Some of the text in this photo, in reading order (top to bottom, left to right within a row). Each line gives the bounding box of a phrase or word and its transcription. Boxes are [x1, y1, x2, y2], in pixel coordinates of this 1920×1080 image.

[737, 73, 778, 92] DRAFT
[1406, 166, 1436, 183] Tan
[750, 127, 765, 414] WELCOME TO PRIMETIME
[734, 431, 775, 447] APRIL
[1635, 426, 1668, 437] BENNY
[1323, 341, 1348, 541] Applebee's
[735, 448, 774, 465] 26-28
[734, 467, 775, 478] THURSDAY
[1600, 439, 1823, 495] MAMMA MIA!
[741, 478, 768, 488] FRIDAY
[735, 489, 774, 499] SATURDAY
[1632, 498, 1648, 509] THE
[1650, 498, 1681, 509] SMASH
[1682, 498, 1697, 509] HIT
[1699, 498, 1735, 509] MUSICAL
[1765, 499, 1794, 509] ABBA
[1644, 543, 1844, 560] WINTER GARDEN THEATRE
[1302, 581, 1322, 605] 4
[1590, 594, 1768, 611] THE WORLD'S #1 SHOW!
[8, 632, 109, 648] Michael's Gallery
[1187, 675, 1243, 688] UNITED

• Assignment:
Repeat the listing exactly.

• Solution for this problem:
Some of the text in this photo, in reading order (top to bottom, left to right within a row). Each line gives the bounding box of a phrase or word and its transcription. Boxes are [x1, y1, x2, y2], in pixel coordinates of this 1920×1080 image.

[737, 73, 778, 92] DRAFT
[1406, 166, 1436, 183] Tan
[750, 127, 765, 414] WELCOME TO PRIMETIME
[734, 431, 775, 447] APRIL
[1635, 426, 1668, 437] BENNY
[1323, 341, 1348, 541] Applebee's
[735, 448, 774, 465] 26-28
[734, 467, 775, 478] THURSDAY
[1600, 439, 1823, 495] MAMMA MIA!
[741, 478, 768, 488] FRIDAY
[735, 489, 774, 499] SATURDAY
[1632, 498, 1648, 509] THE
[1650, 498, 1681, 509] SMASH
[1682, 498, 1697, 509] HIT
[1699, 498, 1735, 509] MUSICAL
[1765, 499, 1794, 509] ABBA
[1644, 543, 1844, 560] WINTER GARDEN THEATRE
[1302, 581, 1322, 605] 4
[1590, 594, 1768, 611] THE WORLD'S #1 SHOW!
[8, 632, 109, 648] Michael's Gallery
[1187, 675, 1243, 688] UNITED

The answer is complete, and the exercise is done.